Ketika ular besi itu datang, Jongin melangkah ragu ke dalamnya lantas mencengkram lingkaran besi yang menggantung.

Ia menghitung.

Satu...

Dua...

—Kyungsoo belum juga bangun.

Tiga...

Empat...

Ini kereta terakhir. Jika Kyungsoo ketinggalan, alternatifnya dia harus naik bus. Tapi itu pun dia harus berjalan cukup jauh ke halte terdekat, belum lagi waktu tempuh yang lebih lama. Rasanya tidak mungkin mengingat kondisi Kyungsoo yang selalu mengantuk.

Lima...

—oh ayolah!

Enam...

.

Jongin membuat keputusan.

.

Pintu kereta akan dua kali membuka dan menutup bergantian sebelum benar-benar menutup. Jongin menggunakan kesempatan ini baik-baik. Ia melesat secepat kilat, menggenggam tangan Kyungsoo lalu membawa tubuh letih itu ke dalam kereta. Dicengkramnya tangan mungil itu, sedikit menghentak untuk menariknya kuat. Untunglah kursi panjang tempat Kyungsoo duduk hanya berjarak sepuluh langkah dari muka pintu.

Sangat cepat.

Kyungsoo bahkan tak punya waktu untuk terkejut.

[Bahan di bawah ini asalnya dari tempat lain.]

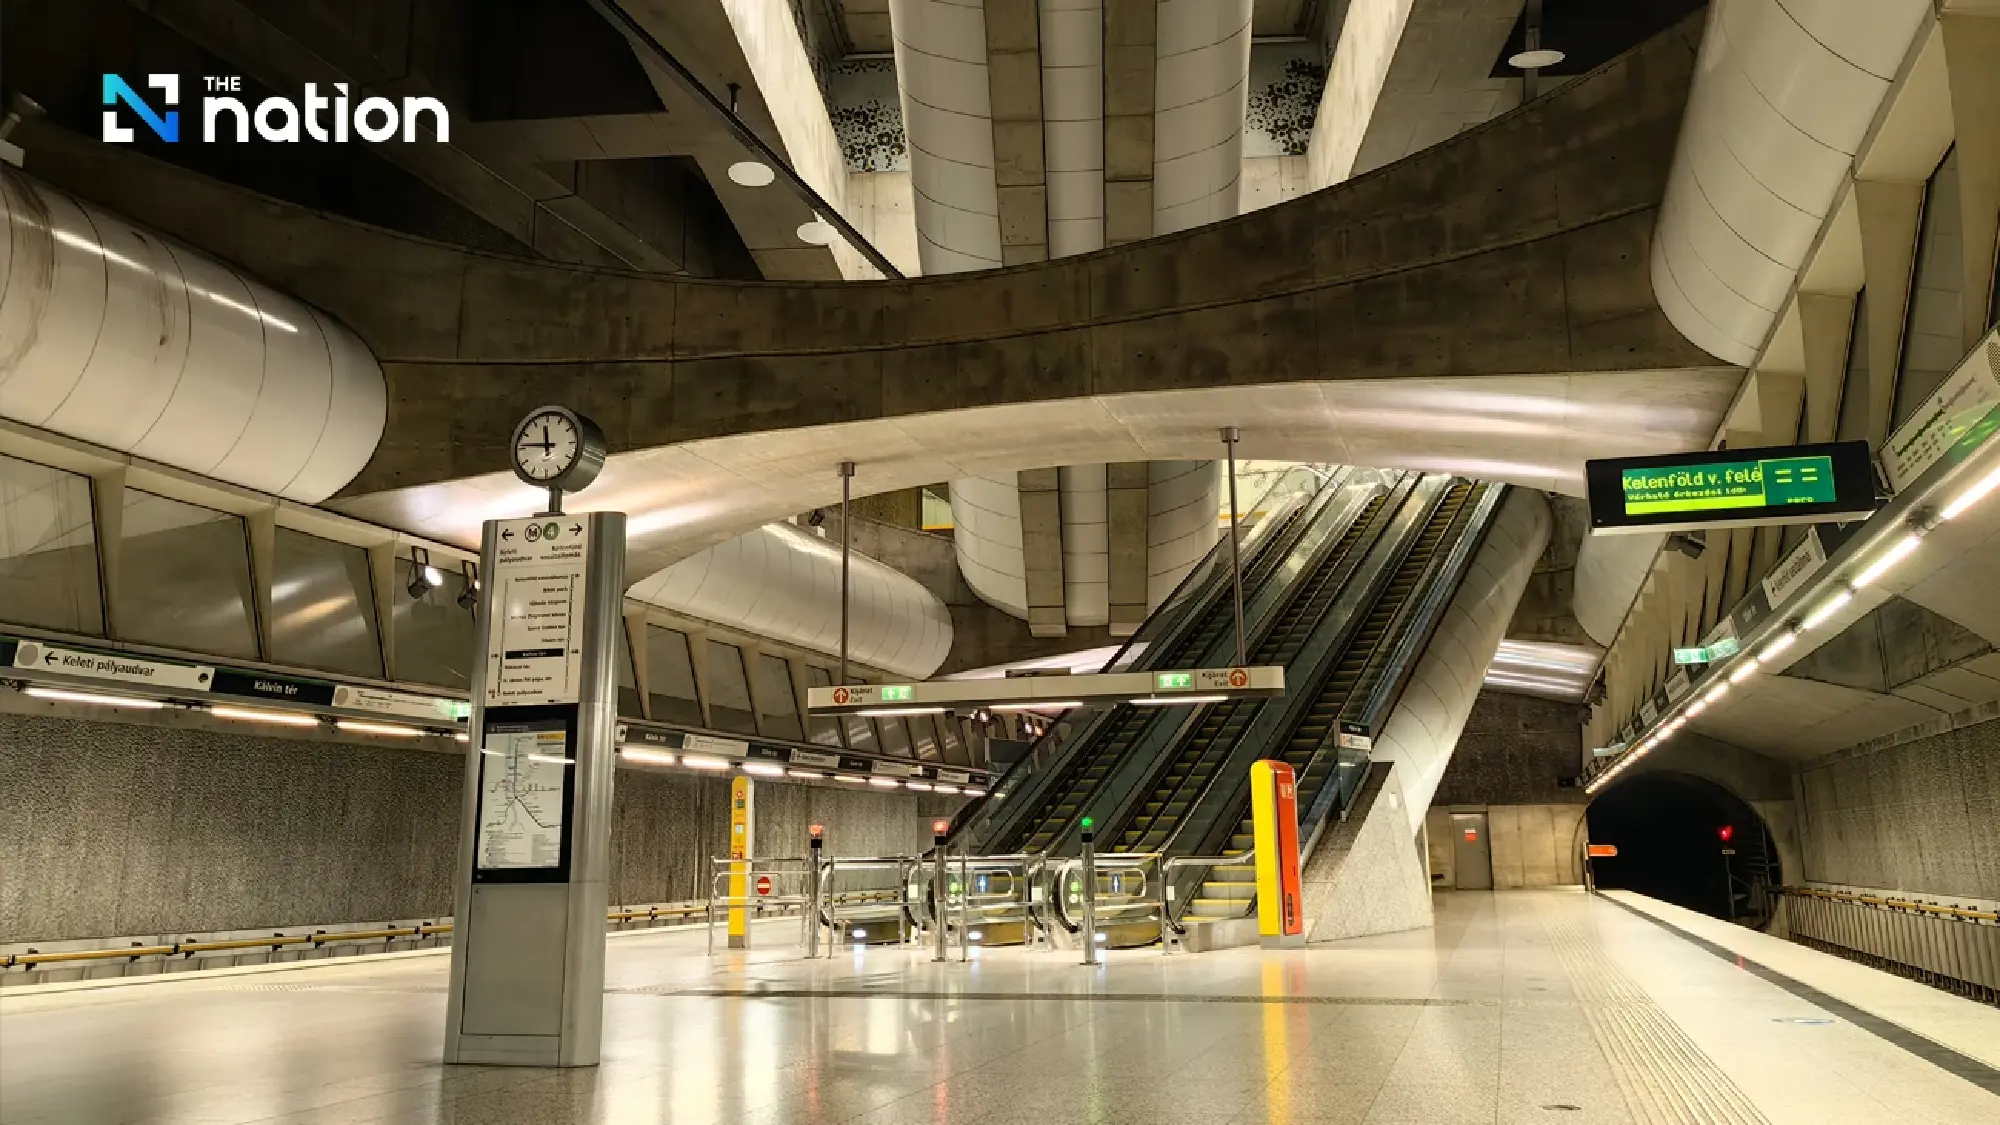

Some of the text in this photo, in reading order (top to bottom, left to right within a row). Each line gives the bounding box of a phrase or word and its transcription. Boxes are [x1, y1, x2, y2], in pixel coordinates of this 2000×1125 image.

Pintu menutup. Kereta pun mulai merayap.

Semuanya terjadi begitu cepat. Sampai-sampai Kyungsoo tak menyadari siapa pemuda yang menarik lengannya. Sedikit linglung, akhirnya ia bergerak pelan ke arah bangku.

Kyungsoo mendongakkan kepala. Raut terkejut tercetak jelas di benaknya ketika mendapati tubuh Jongin berdiri bergelantungan pada pegangan besi.

Saat itulah bola mata keduanya bersilang tatap.

Jongin cepat-cepat menunduk, menatap lurus ke arah sepatu. Semburat tipis merah jambu menjalar di wajah. Lagi-lagi karena sepasang mata bulat itu terlalu menghipnotisnya.

Kyungsoo masih tercengang. Bibirnya bahkan sedikit terbuka.

.

"Ini kereta terakhir," kata Jongin akhirnya. "Aku takut kau ketinggalan kereta karena itu aku menarikmu dan yah—" Jongin kembali menunduk. Kemampuannya merangkai kata hilang karena terlampau gugup.

.

"Oh," Kyungsoo yang belum bangkit dari keterkejutannya menggumam. "A—aku, berterima kasih," tuturnya terbata-bata.

Kyungsoo ikut menunduk.

.

.

.

Namun tak butuh waktu lama bagi rasa kantuk untuk kembali menguasainya...

.

.

.

.

Butuh hampir dua puluh menit untuk sampai ke stasiun tujuan Kyungsoo. Dan butuh tiga puluh menit bagi Jongin untuk sampai ke tujuannya sendiri.

Kyungsoo sudah kembali tertidur pulas sejak lima menit pertama.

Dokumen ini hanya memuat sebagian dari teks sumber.